The current ordinance applies to a small number of workers - about 600 - at the bottom of the wage scale. Mayor Walsh and health officials recommend both an expansion of its reach and increased efforts to enforce its implementation, including improved data collection systems. The Walsh Administration and BPHC will use the data collected to better target programs and services, such as job training opportunities, to low wage workers. Officials plan to work with local, private businesses around enforcement and expansion.

The project, which is funded through a grant from the Health Impact Project (a joint venture of the Pew Charitable Trusts and the Robert Wood Johnson Foundation), began in November 2014. The living wage ordinance economic analysis was performed by partners at the Center for Social Policy at the University of Massachusetts Boston. With the city's commitment to economic equity and inclusion, the results offer a better understanding of the connection between health and economic factors, paving the way for changes that could improve the health and well-being of low wage workers.

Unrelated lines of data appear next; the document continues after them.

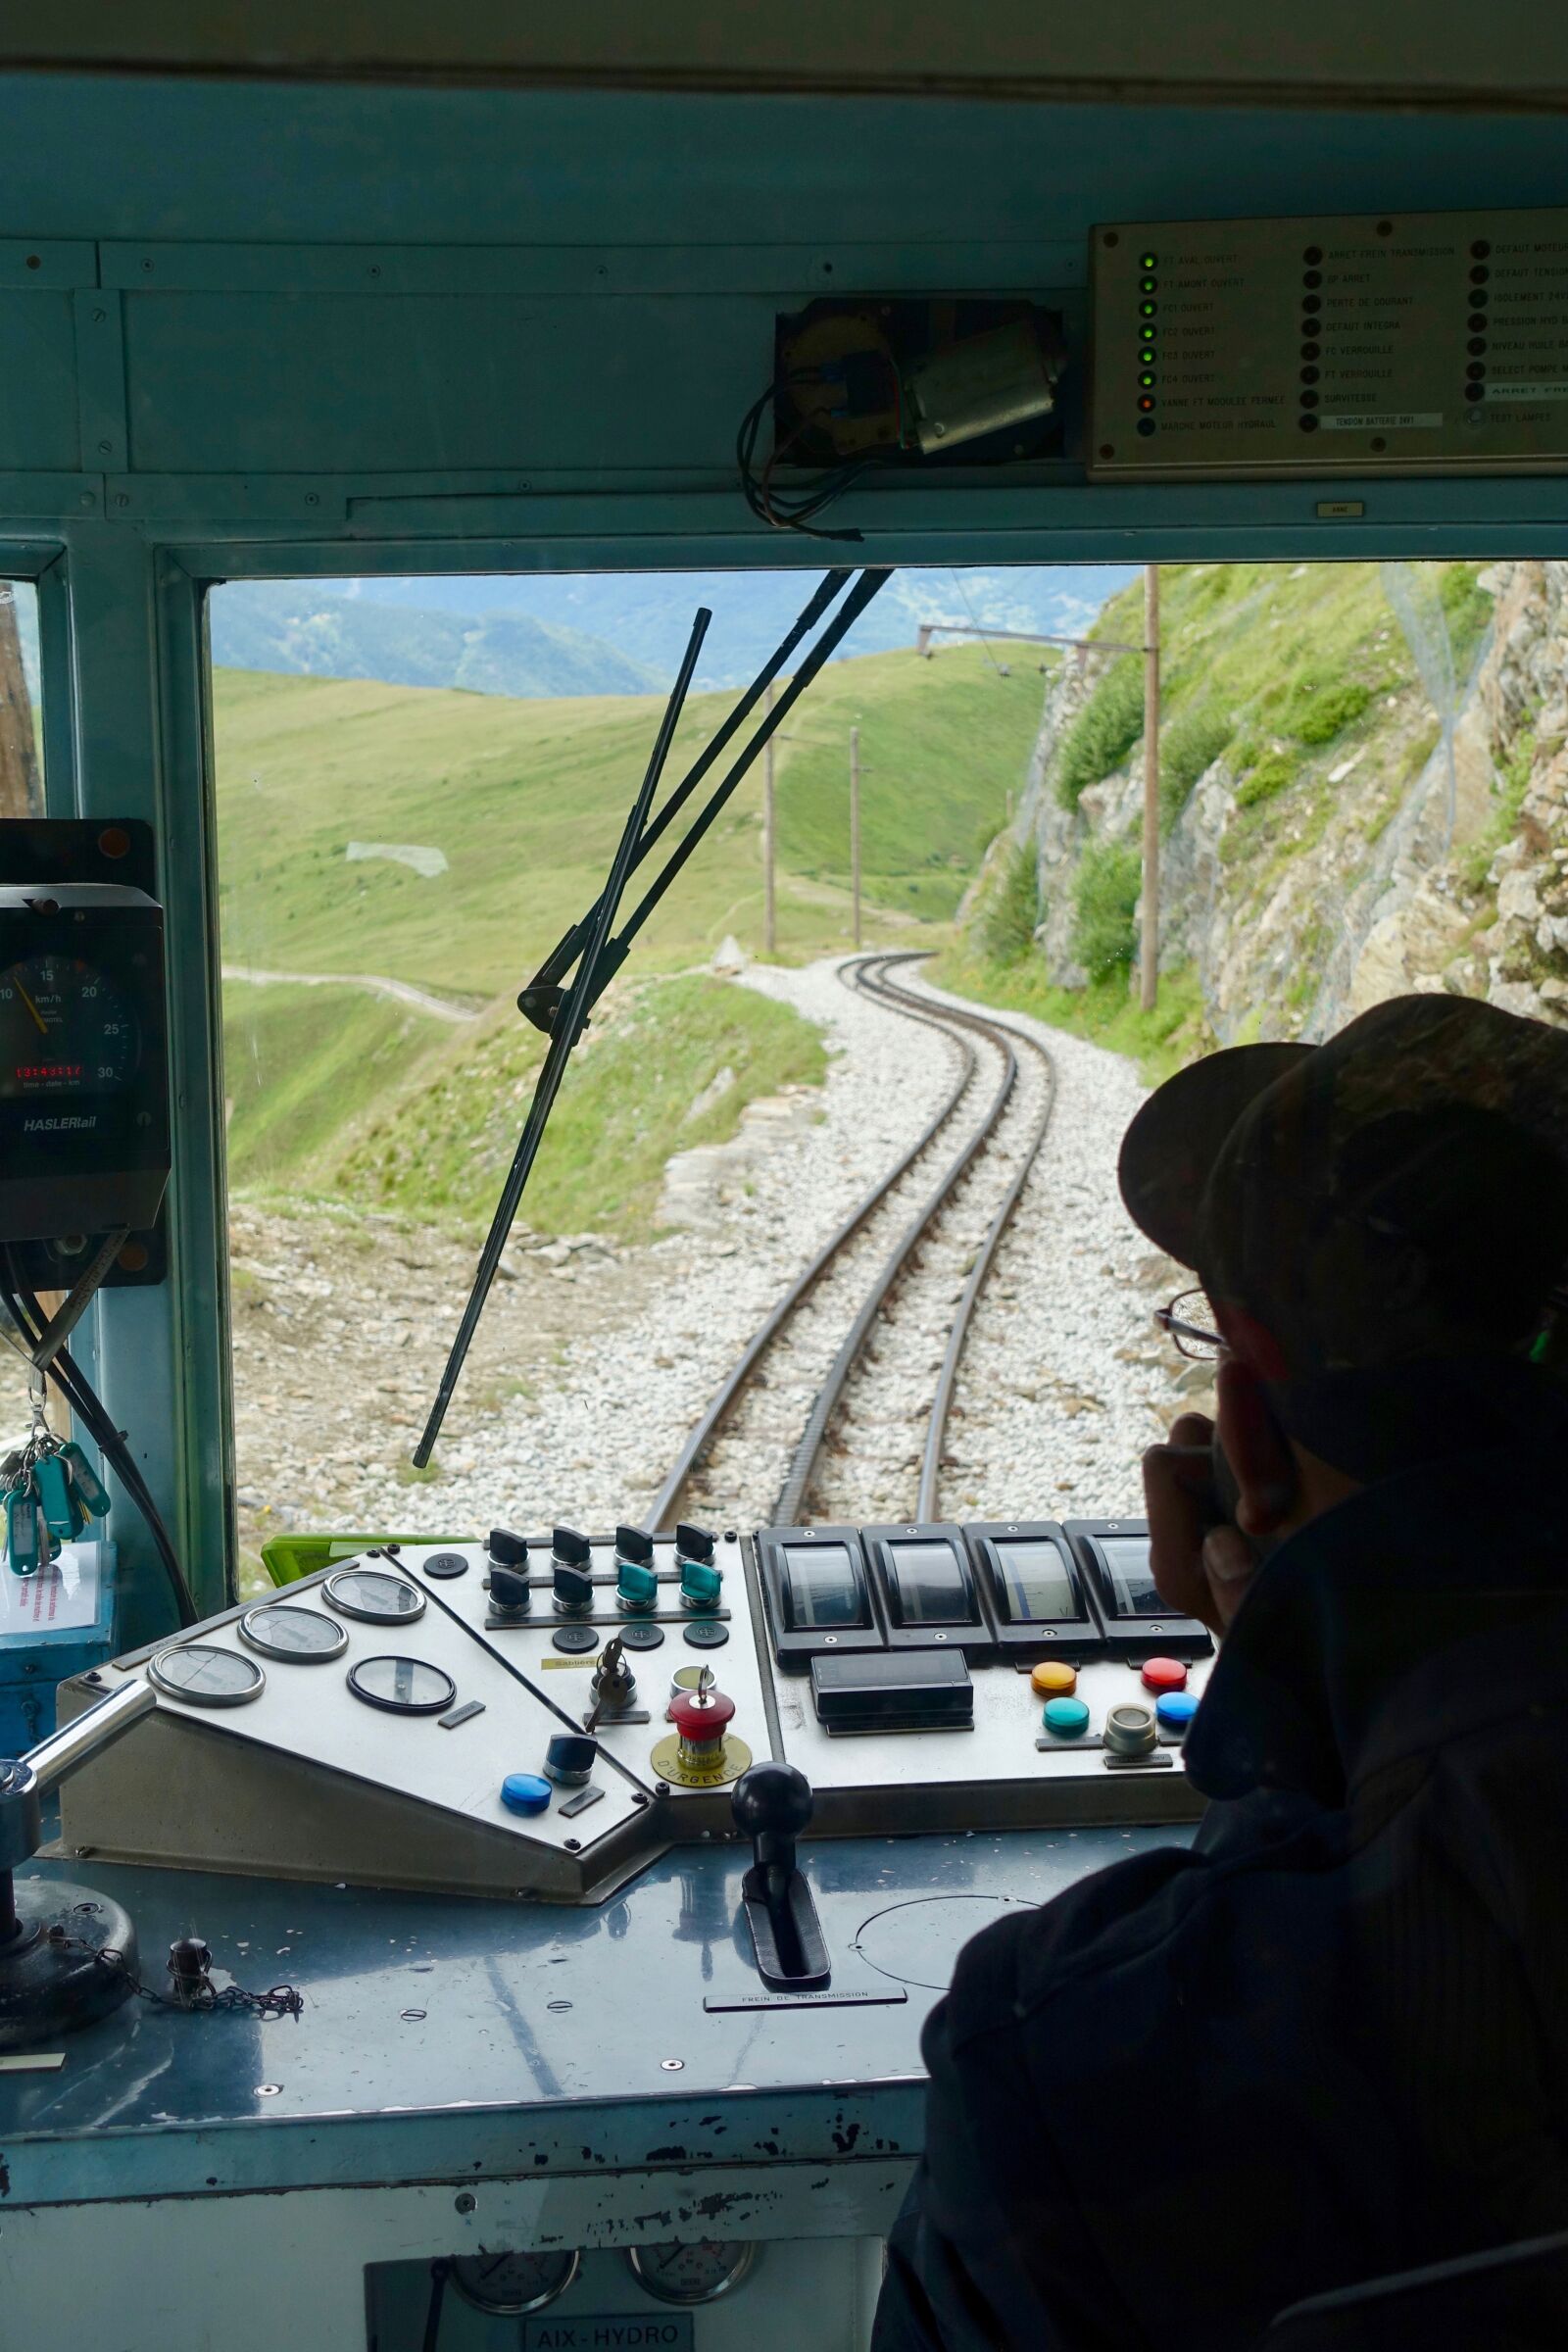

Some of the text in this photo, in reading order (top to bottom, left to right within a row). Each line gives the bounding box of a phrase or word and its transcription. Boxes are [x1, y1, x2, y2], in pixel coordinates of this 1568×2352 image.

[1360, 250, 1386, 259] FREIN
[1391, 248, 1454, 257] TRANSMISSION
[1494, 269, 1529, 277] DEFAUT
[1211, 278, 1245, 287] OUVERT
[1374, 297, 1413, 306] COURANT
[1326, 322, 1358, 331] DEFAUT
[1494, 318, 1536, 326] PRESSION
[1341, 345, 1394, 354] VERROUILLE
[1493, 342, 1525, 351] NIVEAU
[1341, 369, 1393, 378] VERROUILLE
[1529, 365, 1557, 373] POMPE
[40, 970, 54, 981] 15
[0, 989, 13, 999] 10
[82, 987, 96, 998] 20
[35, 995, 61, 1004] km/h
[104, 1024, 119, 1035] 25
[98, 1067, 113, 1078] 30
[658, 1760, 743, 1784] D'URGENCE
[797, 1990, 868, 2000] TRANSMISSION
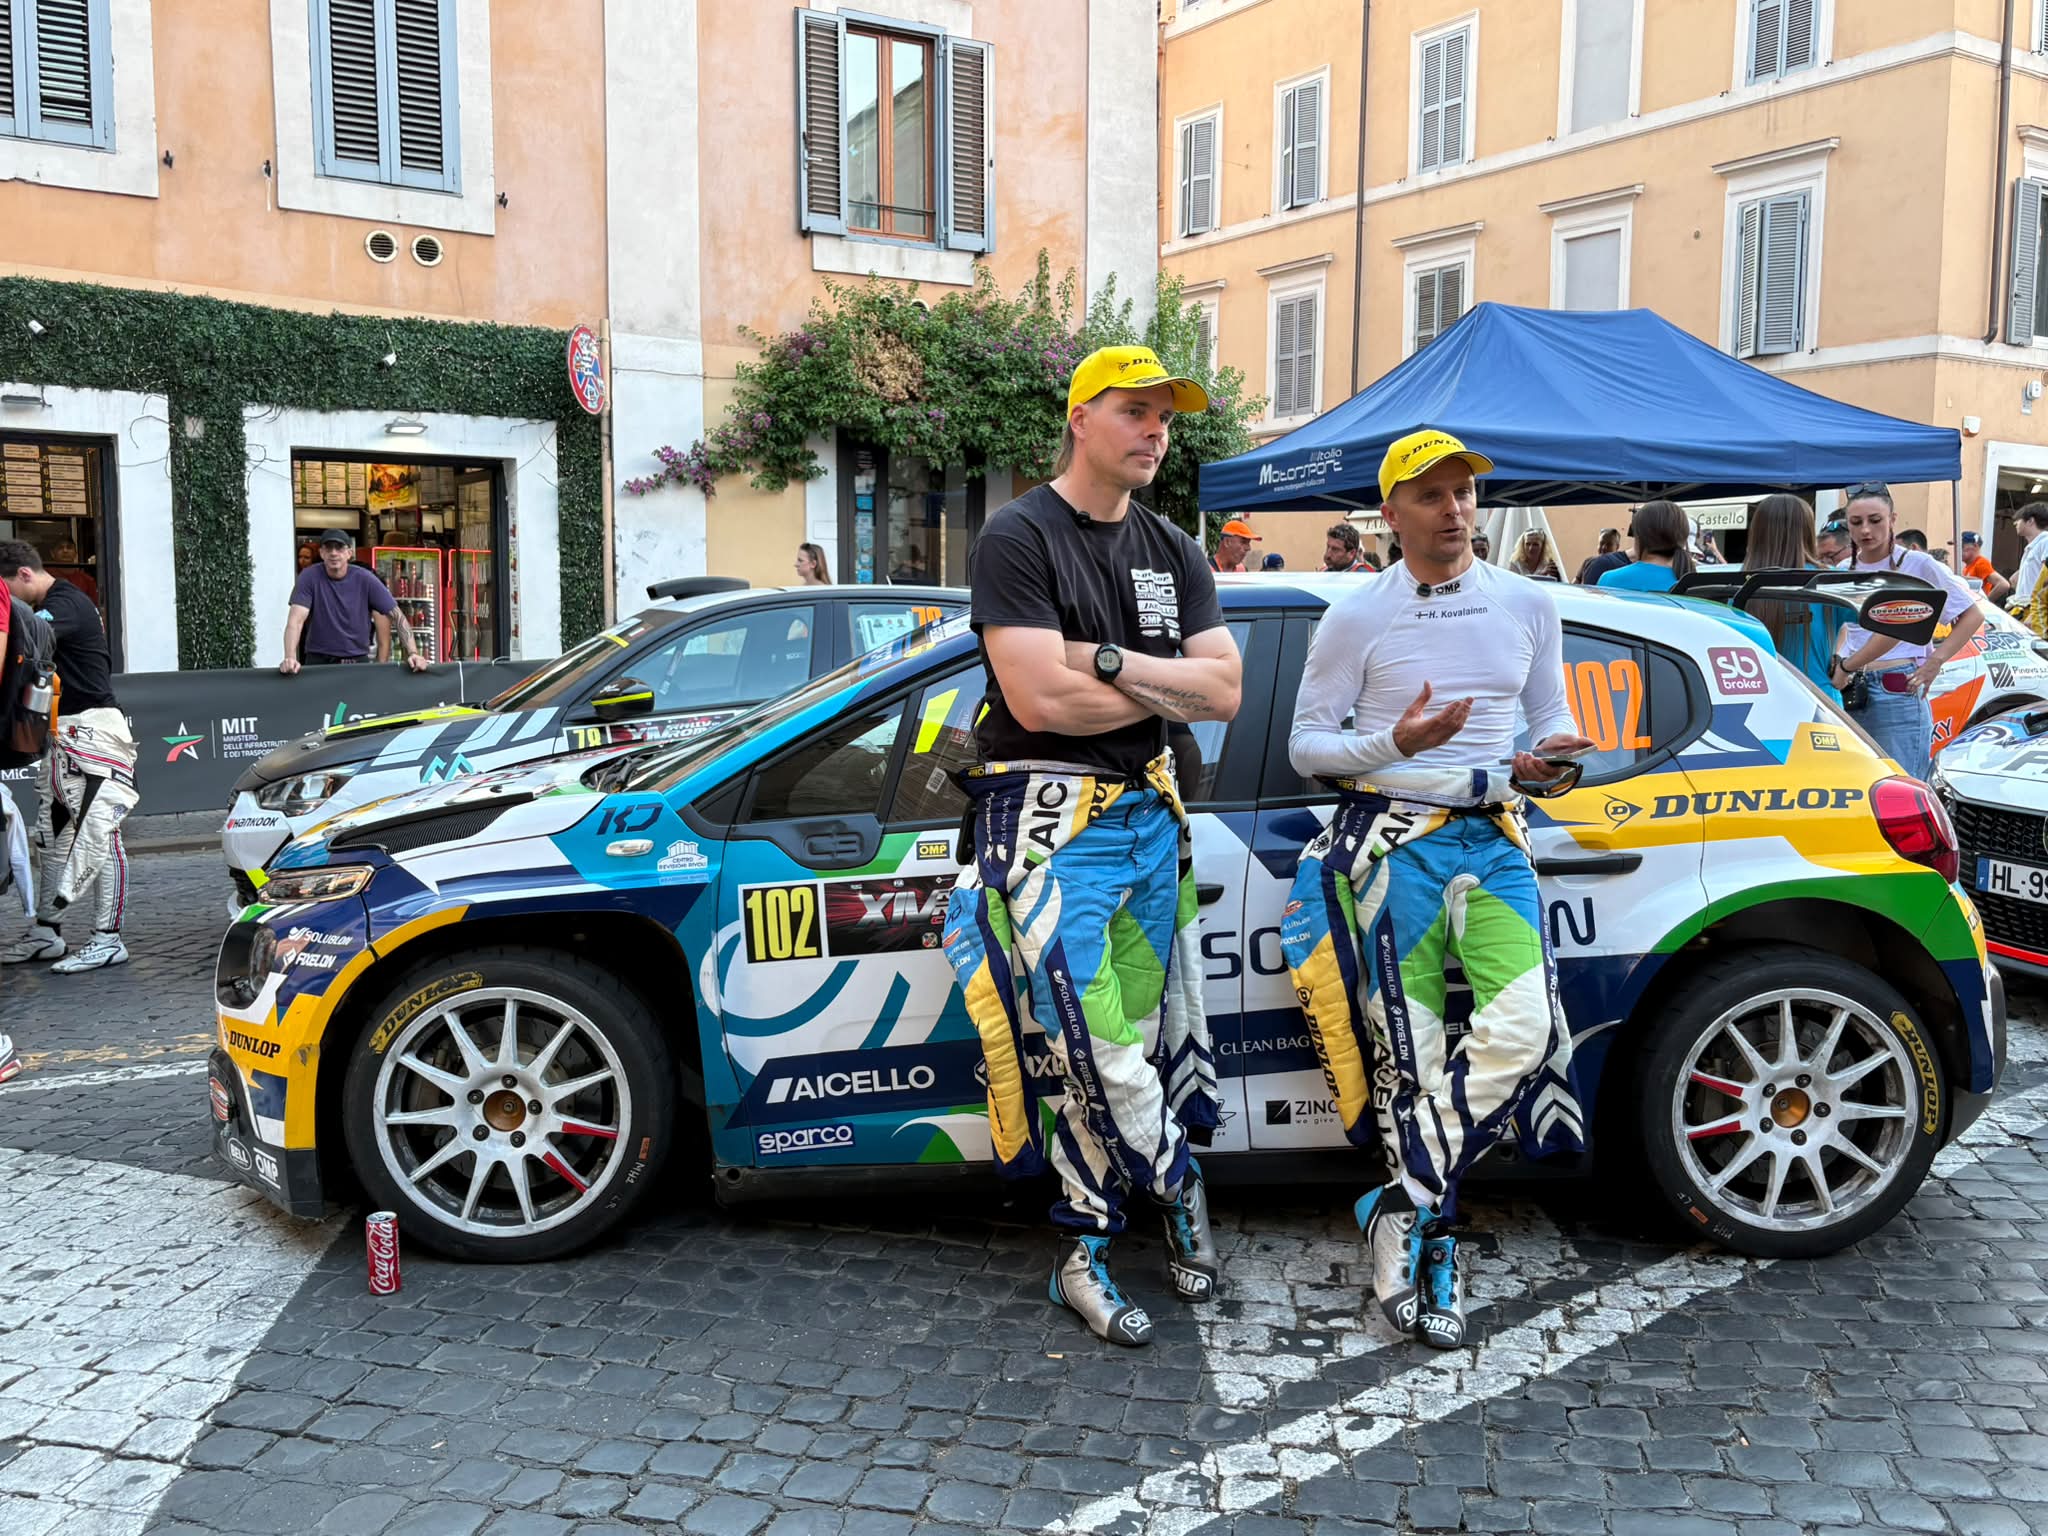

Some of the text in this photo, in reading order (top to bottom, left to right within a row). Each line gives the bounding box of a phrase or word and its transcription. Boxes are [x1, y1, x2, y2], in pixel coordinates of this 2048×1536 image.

[1697, 512, 1745, 525] Castello
[1435, 583, 1461, 595] OMP
[1441, 606, 1488, 618] Kovalainen
[1716, 650, 1760, 679] sb
[1722, 678, 1762, 690] broker
[222, 717, 258, 734] MIT
[1813, 735, 1837, 748] OMP
[1, 769, 29, 780] MiC
[1650, 788, 1863, 819] DUNLOP
[919, 844, 948, 855] OMP
[747, 887, 817, 960] 102
[303, 930, 353, 946] SOLUBLON
[1059, 985, 1082, 1039] SOLUBLON
[229, 1031, 281, 1058] DUNLOP
[1220, 1035, 1310, 1055] CLEAN BAG
[1394, 1017, 1409, 1061] FIXELON
[792, 1065, 935, 1101] AICELLO
[1077, 1061, 1098, 1097] FIXELON
[758, 1125, 853, 1152] sparco
[230, 1144, 249, 1164] BELL
[255, 1154, 279, 1181] OMP
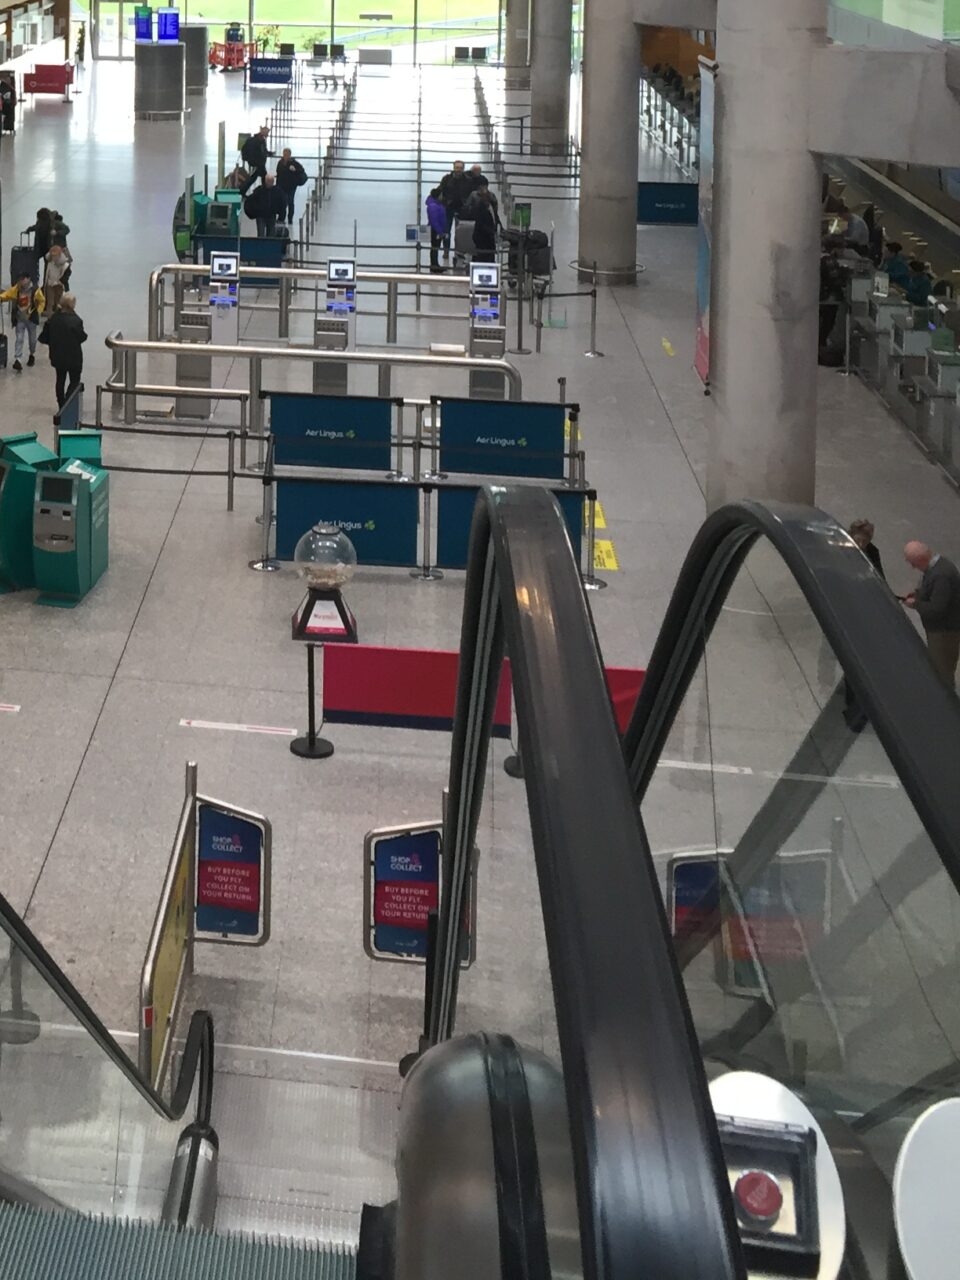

Mayor Walsh, BPHC, City Council and the Advisory Board will continue to fully explore opportunities to expand and strengthen the Living Wage Ordinance.

About the Boston Public Health Commission
The Boston Public Health Commission, the country's oldest health department, is an independent public agency providing a wide range of health services and programs. It is governed by a seven-member board of health appointed by the Mayor of Boston.

Public service and access to quality health care are the cornerstones of our mission - to protect, preserve, and promote the health and well-being of all Boston residents, particularly those who are most vulnerable. The Commission's more than 40 programs are grouped into six bureaus: Child, Adolescent & Family Health; Community Health Initiatives; Homeless Services; Infectious Disease; Bureau of Recovery Services; and Emergency Medical Services.